Work request - Quote the entries in full, character for character, without their images.

***** Exercise data

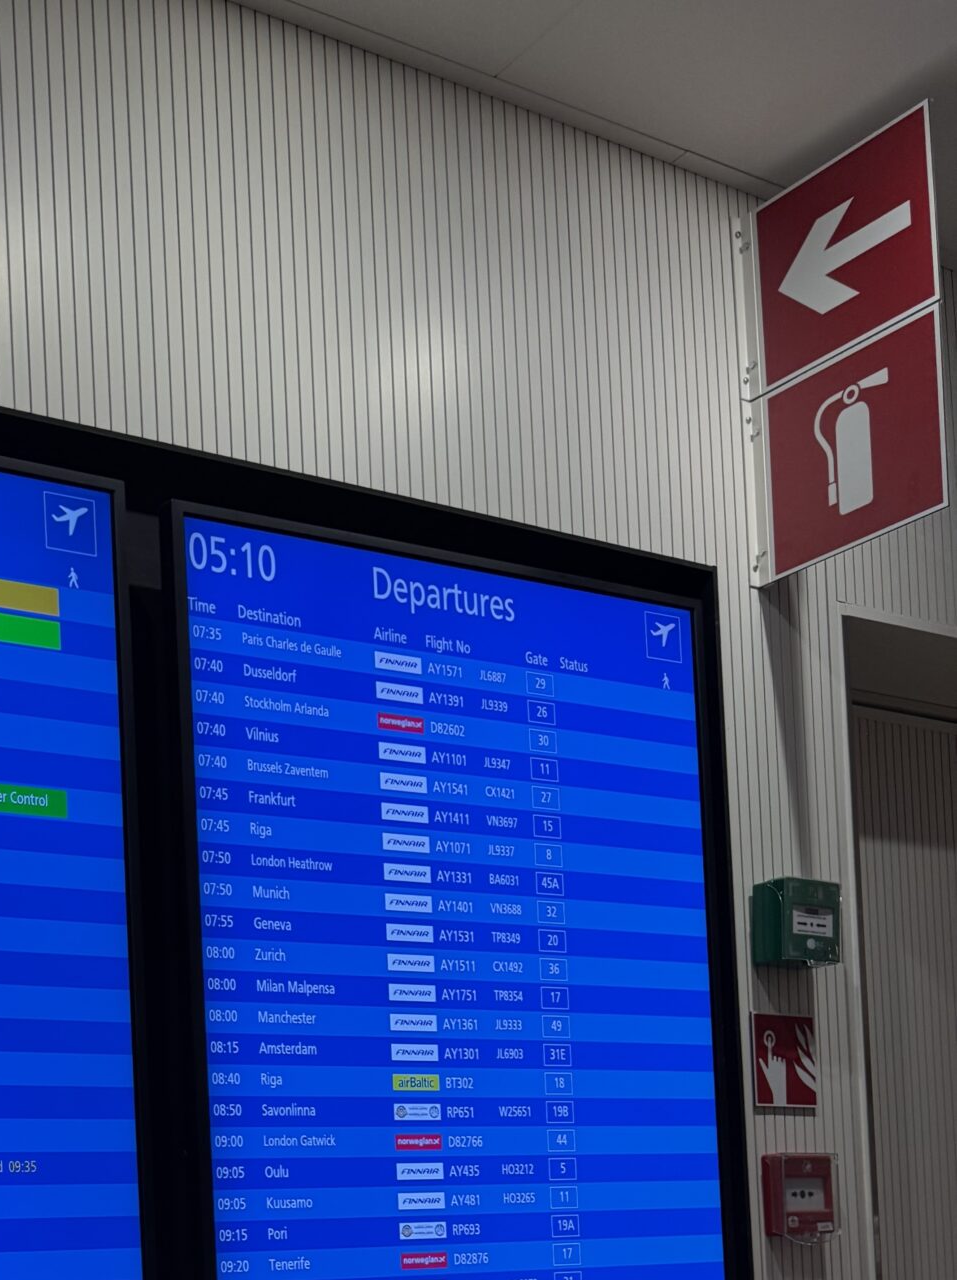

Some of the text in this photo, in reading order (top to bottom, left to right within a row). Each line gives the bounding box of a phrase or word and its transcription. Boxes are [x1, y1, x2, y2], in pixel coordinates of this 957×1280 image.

[188, 531, 276, 582] 05:10
[372, 566, 515, 622] Departures
[187, 596, 589, 673] Time Destination Airline Flight No Gate Status
[192, 624, 546, 690] 07:35 Paris Charles de Gaulle FINNAIR AY1571 JL6887 29
[10, 791, 48, 807] Control
[202, 850, 560, 890] 07:50 London Heathrow FINNAIR AY1331 BA6031 45A
[211, 1040, 566, 1061] 08:15 Amsterdam FINNAIR AY1301 JL6903 31E
[215, 1135, 244, 1148] 09:00
[263, 1134, 299, 1147] London
[299, 1133, 337, 1147] Gatwick
[448, 1135, 483, 1148] D82766
[556, 1133, 568, 1145] 44
[8, 1160, 37, 1173] 09:35

**********

Your solution -
Some of the text in this photo, in reading order (top to bottom, left to right within a row). Each line gives the bounding box of a phrase or word and its transcription. Boxes are [x1, y1, x2, y2], in pixel coordinates of this 957×1280 image.

[188, 531, 276, 582] 05:10
[372, 566, 515, 622] Departures
[187, 596, 589, 673] Time Destination Airline Flight No Gate Status
[192, 624, 546, 690] 07:35 Paris Charles de Gaulle FINNAIR AY1571 JL6887 29
[10, 791, 48, 807] Control
[202, 850, 560, 890] 07:50 London Heathrow FINNAIR AY1331 BA6031 45A
[211, 1040, 566, 1061] 08:15 Amsterdam FINNAIR AY1301 JL6903 31E
[215, 1135, 244, 1148] 09:00
[263, 1134, 299, 1147] London
[299, 1133, 337, 1147] Gatwick
[448, 1135, 483, 1148] D82766
[556, 1133, 568, 1145] 44
[8, 1160, 37, 1173] 09:35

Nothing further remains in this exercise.